Friday, April 29, 2005

On losing access to Government Information

Today's online edition of the Chicago Tribune carries a story with the following headline: "Librarians Worry Important Information Being Lost." The words "librarian" and "information" and "lost" were enough to catch my attention as I casually scanned my pages of headlines. The article explains how the Government Printing Office has been losing money on document sales, to a large measure because many government agencies, to cut back on costs, are bypassing the GPO and publishing their own documents online in their own websites. In doing this, the agencies do not always provide a copy to the GPO. A recent GPO report proposed that the GPO create a centralized database to serve as a repository to these documents. This creates concerns of access and centralization. Some are concerned that putting all documents in a central location would make them more susceptible to deletion or alteration. This can create significant concern since there is no clear solution when it comes to actually archiving what the government produces. Since these documents are only made available online, they can be as easily removed as they were easily placed online. They can be altered without the average citizen even knowing there was an alteration. The article states that

"What the librarians and critics fear is if the GPO implements its Digital Content System, an online database that would hold digital copies of documents from all federal agencies, the agency won't need to actually provide independent hard copies or digital files of information."

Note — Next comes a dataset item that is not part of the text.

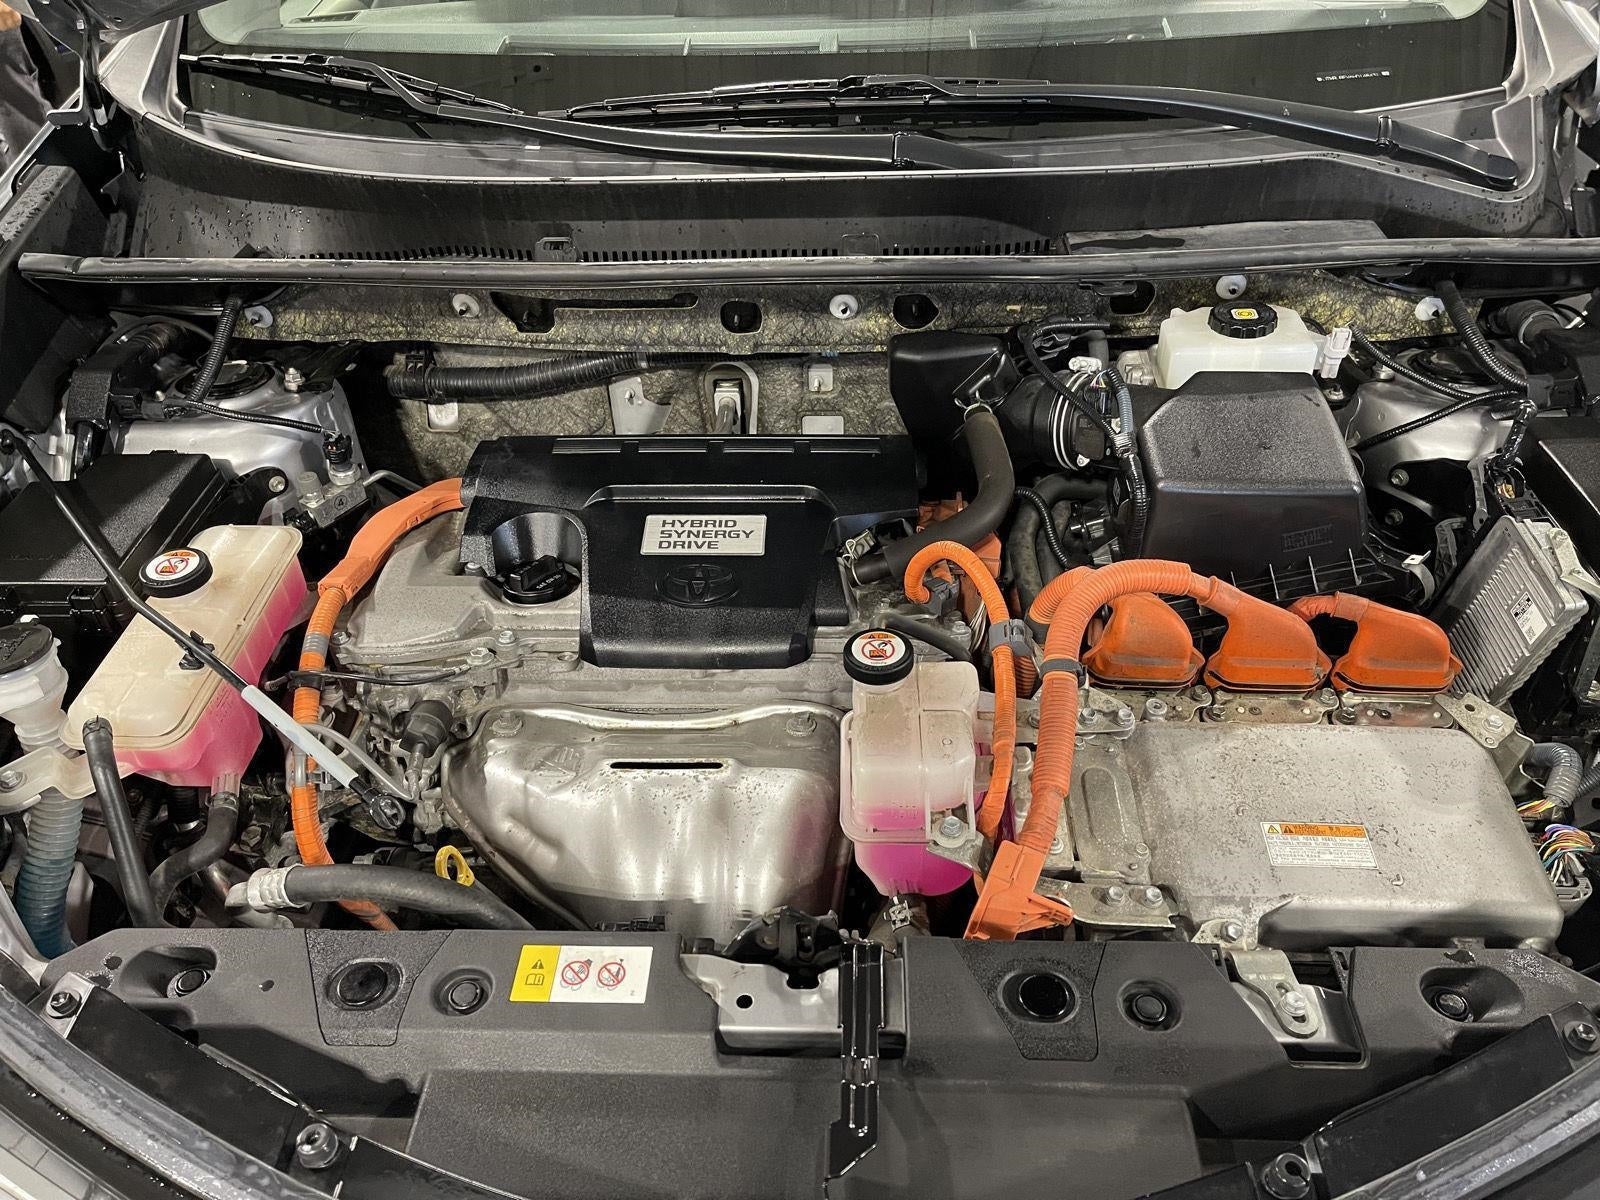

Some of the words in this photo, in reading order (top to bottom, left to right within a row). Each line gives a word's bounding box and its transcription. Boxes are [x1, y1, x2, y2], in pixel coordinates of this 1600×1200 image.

[661, 519, 738, 528] HYBRID
[659, 529, 755, 539] SYNERGY
[658, 540, 720, 550] DRIVE

It seems to reduce the role of depository libraries, which are now one of the few places where the average citizen can go find out what his or her government is up to, with assistance from knowledgeable librarians. Critics of the new proposal argue that libraries need to have the documents distributed to them as well. In a time when there is even more information available online, the answer is not centralize and limit access, but it is to make it accessible to all. Making documents more available to libraries would only serve to enhance citizen participation.

As a note, the article makes reference to an article in the "latest" issue of the Journal of Academic Librarianship, which I have not been able to find. My guess is the databases have not picked it up yet, or it is not as "latest" as the newspaper suggests. At any rate, if I do find it, I will add a note after I read it. I did not get to work at a depository, but I developed a passion and belief in the power of Government Documents during library school that stays with me. It is of concern that access to such powerful and crucial tools of our democracy could be lost. Anyhow, food for thought.